On April 4, 2016, the U.S. Bankruptcy Court for the Eastern District of New York issued a decision that may significantly change the landscape of student debt relief. In re Decena, No. 15-72903, 2016 WL 1371031 (Bankr. E.D.N.Y. Apr. 4, 2016). Per Judge Robert Grossman, the court discharged the student loan of a hapless medical school graduate who studied at a non-accredited medical school in West Africa. The court found that the loan did not fall under the exceptions to debt relief in the federal bankruptcy code, which would have prevented the court from discharging the debt.
The debtor studied at St. Christopher’s College of Medicine in the country of Senegal, where she graduated in June 2004. She enrolled at that medical school based on the school’s misrepresentation that it was an accredited medical school, which would have permitted the debtor to sit for U.S. medical board examinations to qualify for medical practice. When she returned to the United States, she discovered that she in fact ineligible to sit for the exams.
To pay for her studies, she had applied for a student loan with Citizens Bank, a Rhode Island based private banking institution. That loan application indicated that the school was St. Christopher’s College of Medicine, which is not on the Federal School Codes List of eligible education institutions for student loans. However, the application used the code for a school based in Berlin, Germany, which is not affiliated with the Senegalese school. Although the debtor attempted to repay the loan from 2006 to 2011, she came up $161,591 short in her repayment to Citizens Bank.
In July 2015, the debtor filed a voluntary petition for bankruptcy under Chapter 7 of the Bankruptcy Code. In October 2015, she filed a complaint for declaratory judgment against Citizens Bank, seeking to declare the student debt as discharged in bankruptcy. Because Citizens Bank did not answer the complaint, the court found that the bank was in default, and therefore examined the debtor’s petition to determine if she made out of prima facie case for discharge of her debt.
The court considered whether the student loan was a non-dischargeable debt under 11 U.S.C. § 523(a)(8). That provision prevents the discharge of student loans that constitute “an educational benefit, scholarship, or stipend”; or “any other educational loan that is a qualified educational loan.” The provision also prevents the discharge of student loans made by governmental agencies or under the auspices of nonprofit institutions.
Judge Grossman notes that several courts had treated “educational benefit” under § 523(a)(8) as a catch-all term, meaning that any student loan would be non-dischargeable.[i] Judge Grossman disagreed with those decisions. After applying an analysis of the text and legislative history of the statute, he concluded that “educational benefit” was intended to designate alternatives to student loans – like scholarships and stipends, which are not typically repaid unless the recipient fails to meet conditions for receiving the funds. As such, the loan in question was not an “educational benefit” that was non-dischargeable.
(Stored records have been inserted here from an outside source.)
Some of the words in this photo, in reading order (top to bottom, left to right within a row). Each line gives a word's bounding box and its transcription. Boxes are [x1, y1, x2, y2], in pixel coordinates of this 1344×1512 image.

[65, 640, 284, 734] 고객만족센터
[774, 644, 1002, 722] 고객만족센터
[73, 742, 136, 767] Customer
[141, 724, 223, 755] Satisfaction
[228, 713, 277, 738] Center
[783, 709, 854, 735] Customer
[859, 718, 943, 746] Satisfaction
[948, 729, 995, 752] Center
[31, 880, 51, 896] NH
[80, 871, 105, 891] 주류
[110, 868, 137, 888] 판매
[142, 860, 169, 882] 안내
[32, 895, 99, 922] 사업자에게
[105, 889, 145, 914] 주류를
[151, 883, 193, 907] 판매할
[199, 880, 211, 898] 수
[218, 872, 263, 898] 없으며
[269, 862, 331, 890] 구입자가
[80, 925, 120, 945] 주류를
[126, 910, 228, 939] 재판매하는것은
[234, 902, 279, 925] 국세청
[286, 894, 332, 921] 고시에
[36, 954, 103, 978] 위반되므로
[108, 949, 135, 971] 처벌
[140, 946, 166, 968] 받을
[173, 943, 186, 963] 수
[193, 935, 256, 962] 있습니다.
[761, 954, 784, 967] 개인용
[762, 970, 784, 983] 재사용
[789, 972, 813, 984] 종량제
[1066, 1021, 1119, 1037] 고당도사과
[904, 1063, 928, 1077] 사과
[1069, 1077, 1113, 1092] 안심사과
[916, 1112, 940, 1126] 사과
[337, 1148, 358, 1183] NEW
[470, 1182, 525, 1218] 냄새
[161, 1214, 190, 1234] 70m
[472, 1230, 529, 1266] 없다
Furthermore, the debtor’s loan from a private bank did not fall under the remaining categories of non-dischargeable education-related debts under § 523(a)(8) – it was not a government loan, nor was it a “qualified educational loan” (a reference to accredited schools that are on the Federal School Code List). Rather, it was a private loan for a non-accredited Senegalese medical school. Accordingly, the court declared that the debtor’s student loan was in fact dischargeable and relieved the student of her debt. Because the court ruled in the debtor’s favor on the basis of the school’s ineligibility for student loans, this case may have broader implications for other student loans for schools that are not on the Federal School Code List.
[i] See In re Corbin, 506 B.R. 287, 296 (Bankr. W.D. Wash. 2014); In re Beesley, No. 12–2444–CMB, 2013 WL 5134404 (Bankr. W.D. Pa. Sept. 13, 2013); In re Roy, No. 08–33318, 2010 WL 1523996 (Bankr. D.N.J. Apr. 15, 2010); In re Carow, No. ADV 10–7011, 2011 WL 802847 (Bankr. D.N.D. Mar. 2, 2011); In re Skipworth, No. ADV. 09–80149–JAC–7, 2010 WL 1417964 (Bankr. N.D. Ala. Apr. 1, 2010).